**EXERCISE DETAILS:**
Set each record down exactly, excluding all images.

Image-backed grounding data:
= = =

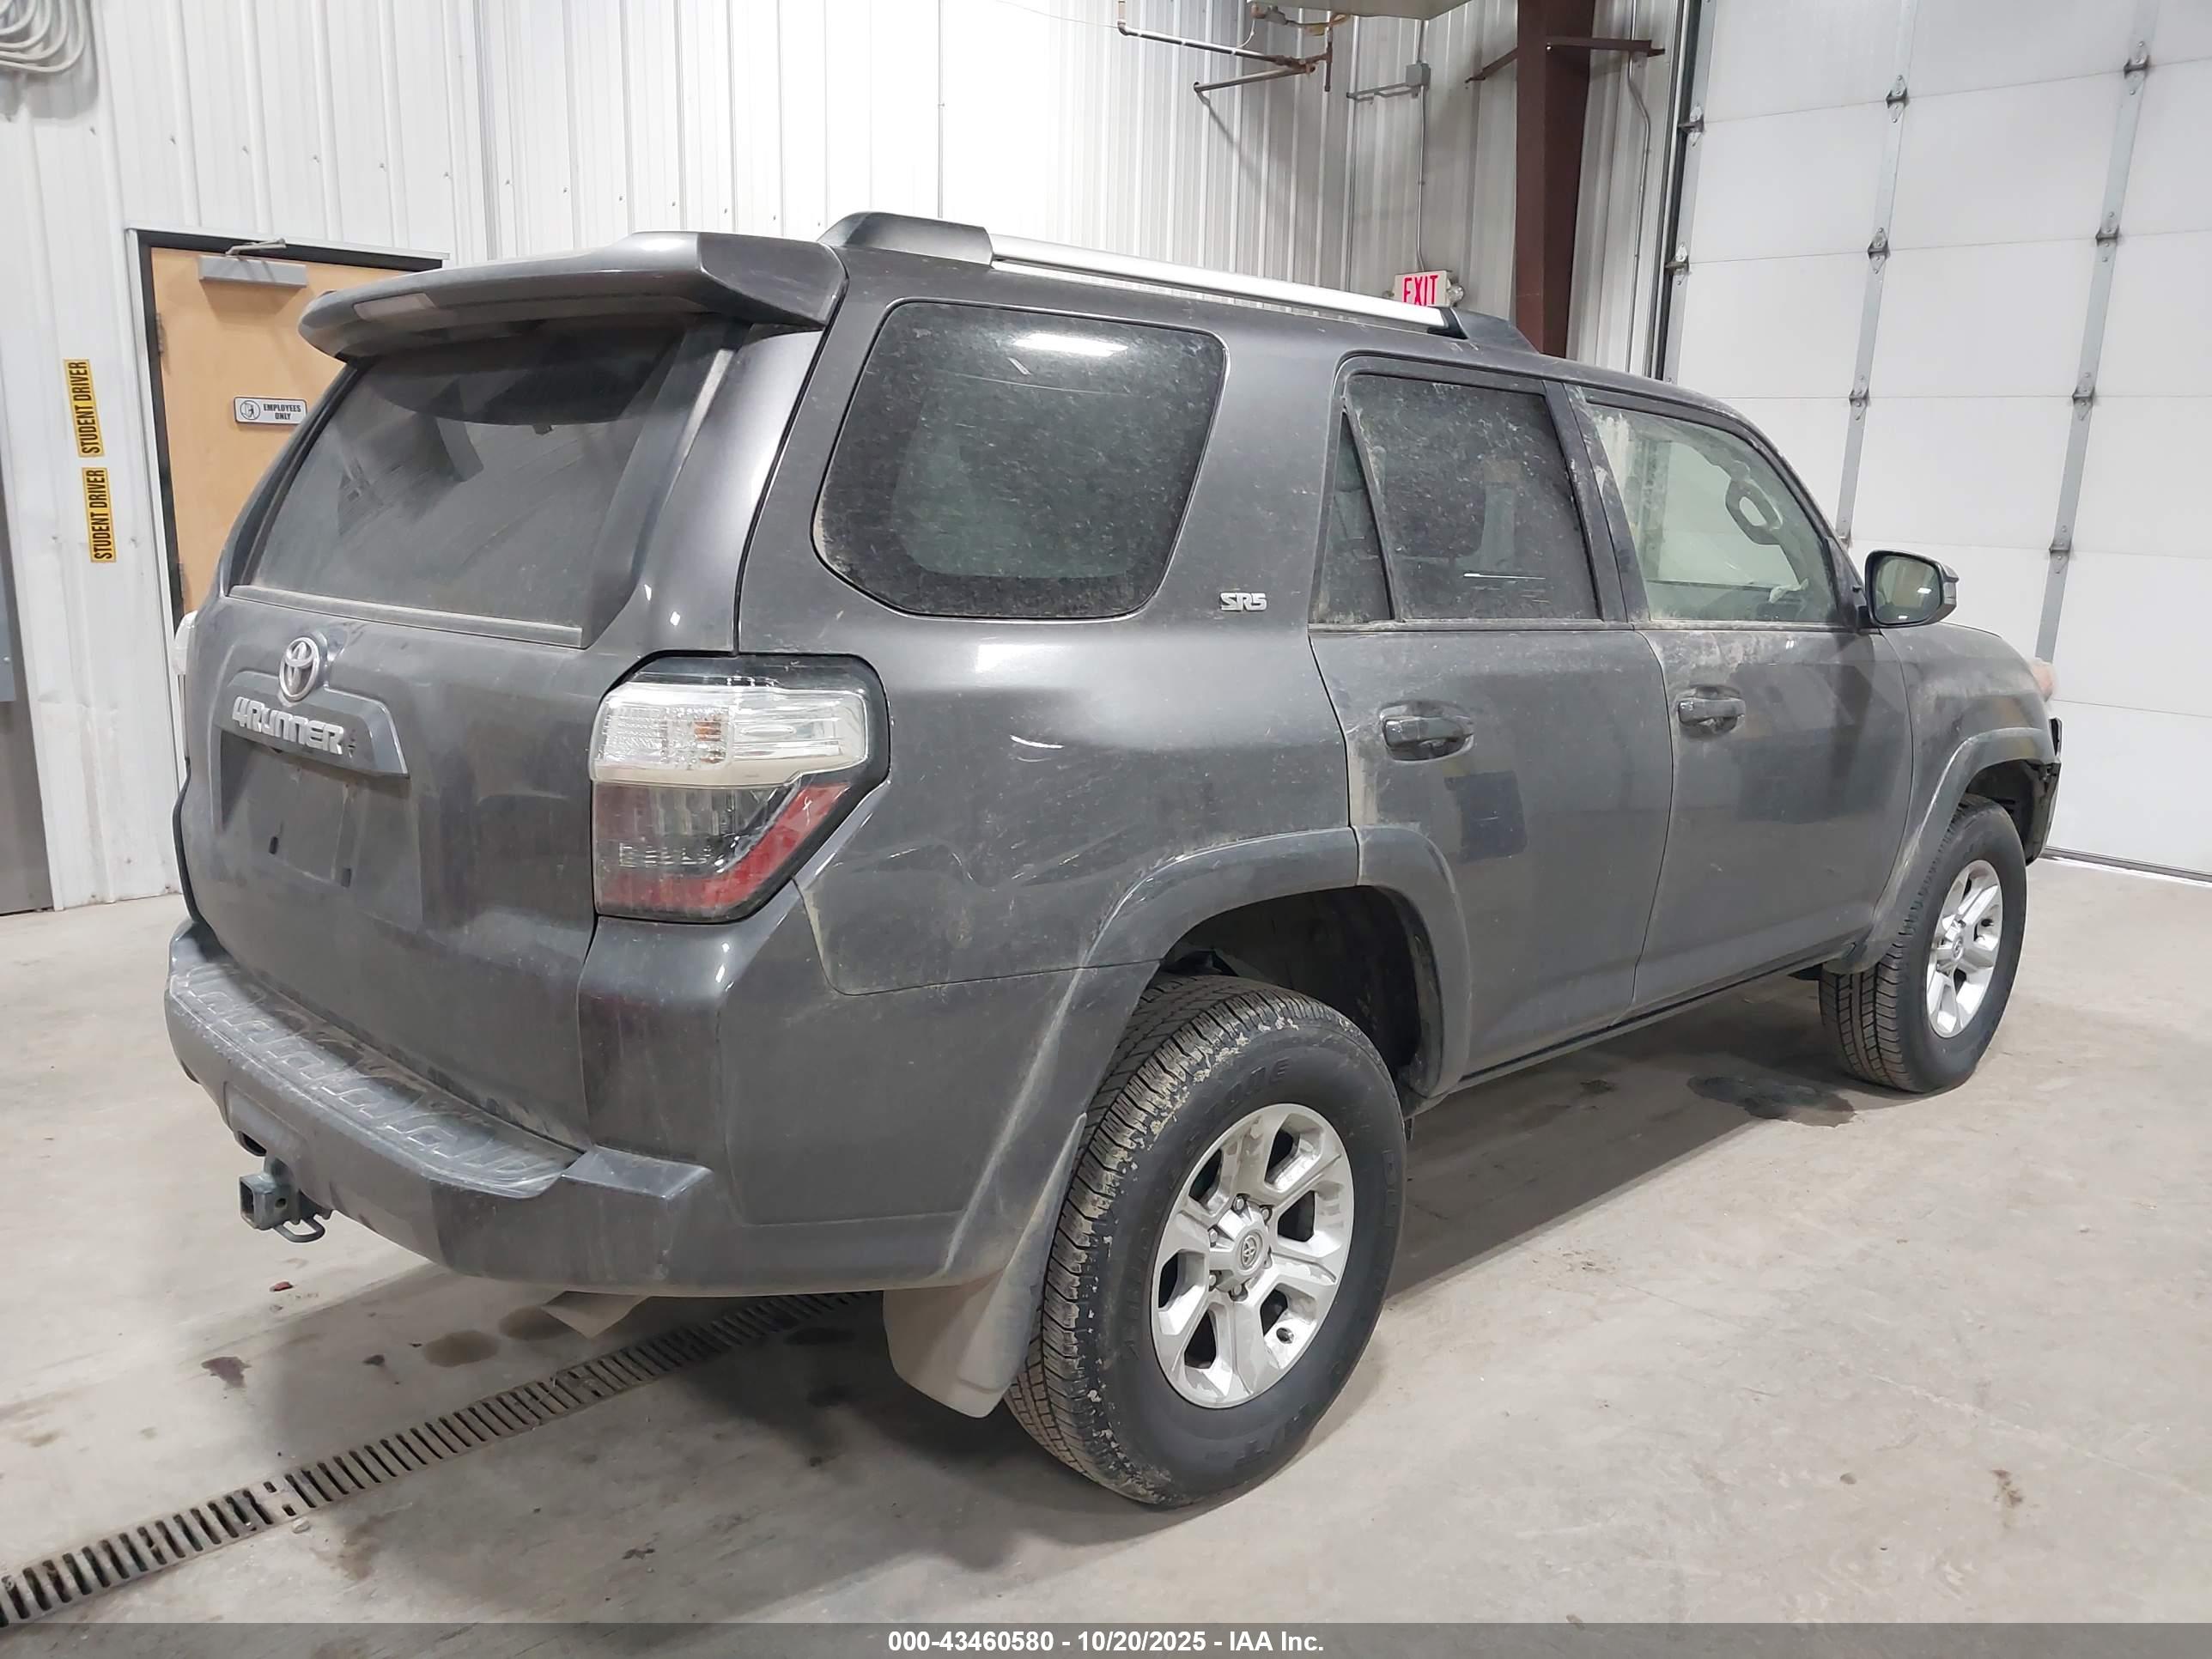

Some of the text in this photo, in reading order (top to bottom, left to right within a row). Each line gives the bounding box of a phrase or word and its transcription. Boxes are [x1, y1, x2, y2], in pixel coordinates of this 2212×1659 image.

[1403, 275, 1438, 306] EXIT
[68, 362, 100, 453] STUDENT DRIVER
[263, 404, 301, 412] EMPLOYEES
[86, 470, 112, 559] STUDENT DRIVER
[1220, 592, 1267, 611] SR5

= = =

**EXERCISE RESPONSE:**
Some of the text in this photo, in reading order (top to bottom, left to right within a row). Each line gives the bounding box of a phrase or word and its transcription. Boxes are [x1, y1, x2, y2], in pixel coordinates of this 2212×1659 image.

[1403, 275, 1438, 306] EXIT
[68, 362, 100, 453] STUDENT DRIVER
[263, 404, 301, 412] EMPLOYEES
[86, 470, 112, 559] STUDENT DRIVER
[1220, 592, 1267, 611] SR5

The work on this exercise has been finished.